According to a ComRes poll commissioned by Christian Aid and ActionAid, scepticism about Westminster promises of action on tax avoidance by big companies was strong across the political spectrum, with 63% of Labour voters, and 68% of Ukip voters, disbelieving such pledges. Among Conservative and Lib Dem supporters the sceptics were also in the majority, with 53% and 63% respectively expressing doubt.
Measures announced by the chancellor this week are expected to fall far short of a new “Google tax” that attracted speculation after the chancellor’s conference speech in Birmingham.
“Some technology companies go to extraordinary lengths to pay little or no tax here,” he had told conference. “If you abuse our tax system, you abuse the trust of the British people – my message to those companies is clear: We will put a stop to it.”
Osborne is expected to offer little more than the publication of a consultation paper on how the UK might integrate one of the international reform proposals announced by OECD as part of the G20-led global overhaul of multinational taxation.
Jonathan Hare, a tax partner at PricewaterhouseCoopers, has said integration of the proposal to tackle “hybrid mismatches” were unlikely to involve significant change for companies in the UK as they were “relatively similar to our existing arbitrage rules”.
Hybrid mismatches occur when a multinational business exploits differing interpretations of complex tax structures in two or more countries. Last month, the Guardian revealed details of hybrid mismatch structures used by FTSE 350 companies Shire and ICAP involving hundreds of millions of dollars in intra-group lending. The mismatch was between the tax rules of the UK and Ireland, and those of Luxembourg. ICAP has begun to unwind its structure as part of a wider reorganisation.
Many international tax reformers believe the best hope for curbing multinationals’ use of internal loans and complex structures to avoid tax is contained in measures still being worked upon by OECD experts, and due to be published next year.
Meanwhile, the chancellor is also expected to spell out in his autumn statement details of a humiliating climb-down on his controversial “patent box” tax break, which has drawn intense criticism domestically and from abroad – despite having strong support from sections of UK industry, including GSK and Dyson.
In September, the UK’s policy – which has been successfully attracting investment to the UK since it was introduced in April last year – emerged as the most conspicuous sticking point for negotiators in the OECD tax reform programme.
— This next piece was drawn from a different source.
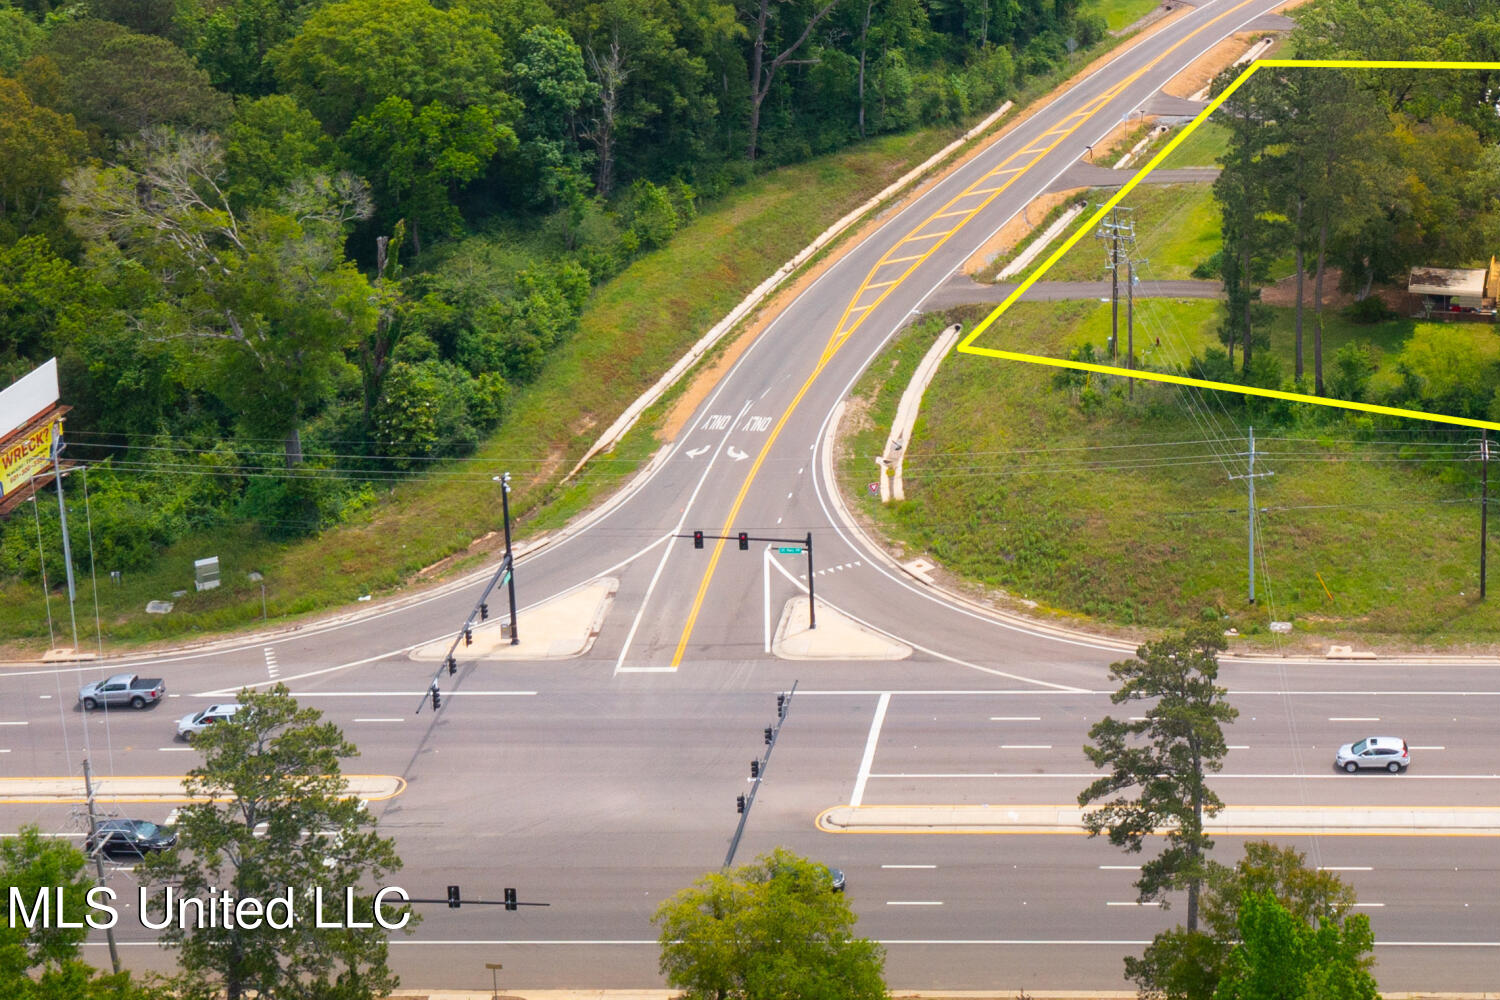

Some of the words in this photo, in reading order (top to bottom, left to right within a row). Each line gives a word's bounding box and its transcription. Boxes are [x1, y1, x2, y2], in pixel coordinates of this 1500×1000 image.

[700, 414, 731, 430] ONLY
[742, 415, 772, 431] ONLY
[2, 427, 49, 470] WRECK?
Britain found itself almost isolated in defence of the incentive, with the majority of those involved in the OECD process judging the scheme to be so poorly targeted, and damaging to foreign treasury coffers, as to be classed as “harmful tax competition”.
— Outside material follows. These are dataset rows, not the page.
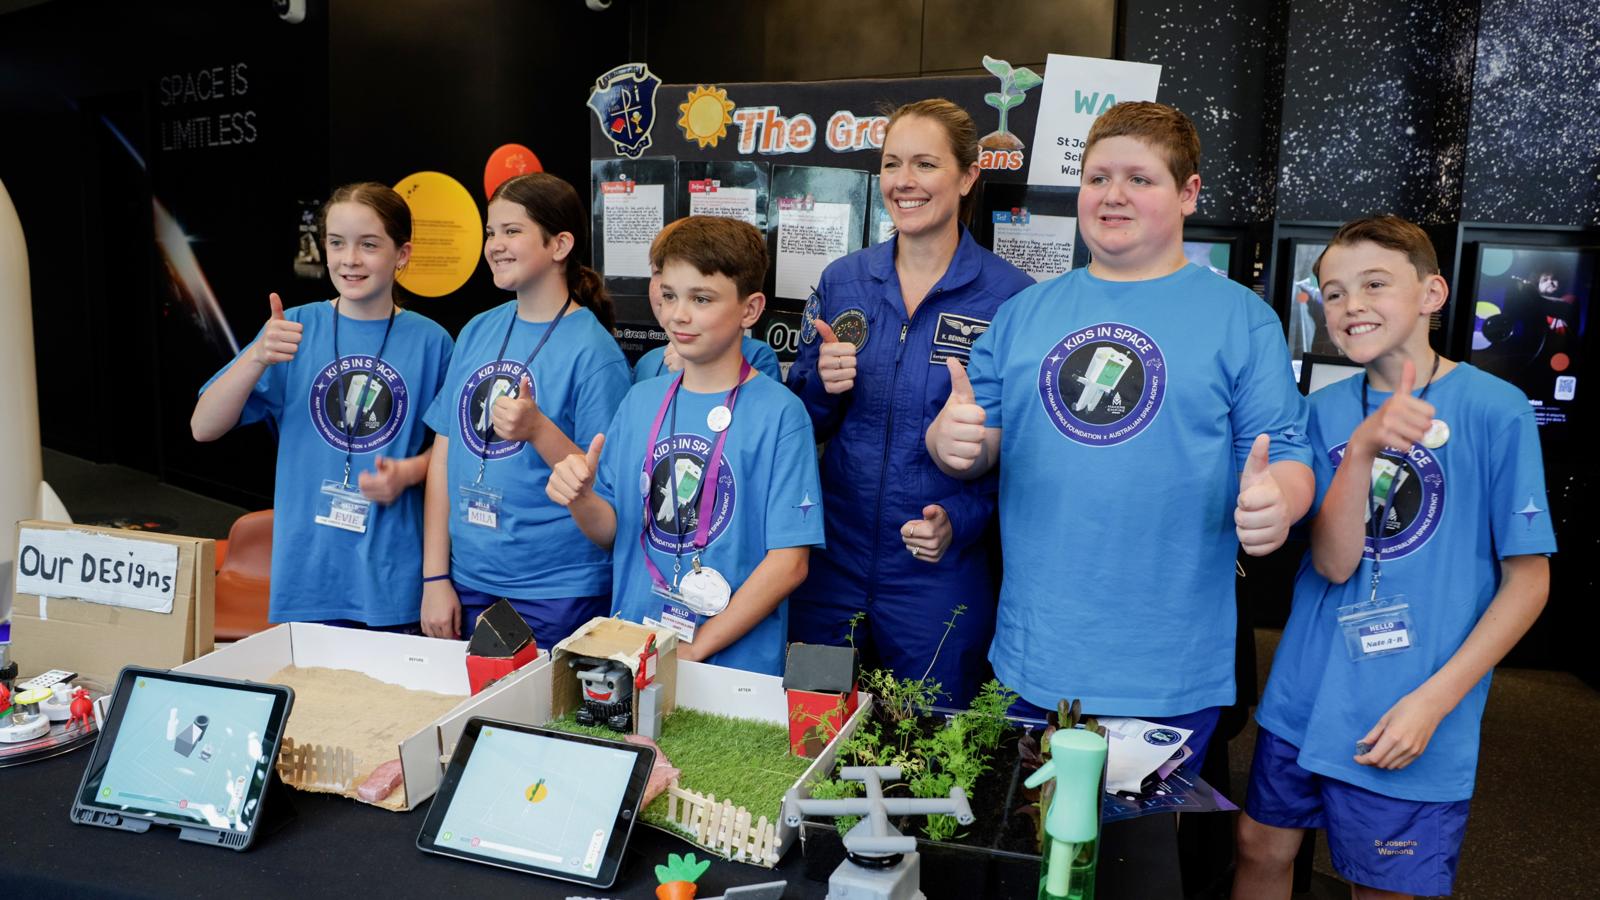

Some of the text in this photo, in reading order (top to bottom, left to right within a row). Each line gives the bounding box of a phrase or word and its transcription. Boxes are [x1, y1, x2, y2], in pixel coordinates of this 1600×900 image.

[160, 62, 248, 106] SPACE IS
[1074, 90, 1117, 116] WA
[162, 110, 257, 150] LIMITLESS
[734, 107, 815, 153] The
[828, 112, 888, 151] Gre
[1057, 137, 1086, 148] St Jo
[1064, 152, 1081, 162] Sch
[1061, 165, 1081, 176] War
[624, 328, 647, 340] Green
[648, 329, 671, 341] Guar
[767, 322, 801, 353] Ou
[1063, 327, 1153, 354] KIDS IN SPACE
[351, 358, 363, 367] IN
[364, 359, 398, 382] SACE
[501, 363, 513, 372] IN
[1046, 387, 1058, 412] THOMAS
[1055, 411, 1069, 426] SPACE
[1065, 423, 1102, 440] FOUNDATION
[1109, 418, 1142, 439] AUSTRALIAN
[1140, 401, 1155, 420] SPACE
[1149, 375, 1159, 403] AGENCY
[679, 438, 691, 449] IN
[722, 492, 731, 515] AGENCY
[335, 511, 359, 525] EVIE
[470, 511, 493, 525] MILA
[1381, 535, 1417, 553] AUSTRALIAN
[1416, 519, 1431, 538] SPACE
[1428, 492, 1438, 519] AGENCY
[20, 545, 73, 584] Our
[671, 606, 689, 617] HELLO
[1369, 622, 1394, 632] HELLO
[1366, 638, 1385, 648] Nate
Concerns about the patent box tax breaks have been taken to the European Union’s code of conduct committee, and the UK’s policy has been criticised by Britain’s Institute for Fiscal Studies.
International leaders have pressured Osborne into accepting that he must demand companies shift a greater part of their research and development activity to the UK – beyond narrow patent holding and functions – if they are to qualify for lower tax rates. That would make the measure considerably less attractive to international business, but would be considered “fair” tax competition by international standards.
In recent years, the chancellor has positioned himself alongside French and German counterparts in calling for a G20-led crackdown on multinationals and their complex tax avoidance structures.
But other nations have increasingly questioned his credibility as a tax reformer, pointing to aggressive tax breaks he has introduced to attract investment to the UK. Osborne is not the only finance minster to bow to international pressure and water down, or retract, controversial tax incentives. Counterparts in Ireland and Switzerland have announced measures designed to appease reformers determined to crack down on what are seen as their most internationally harmful tax policies.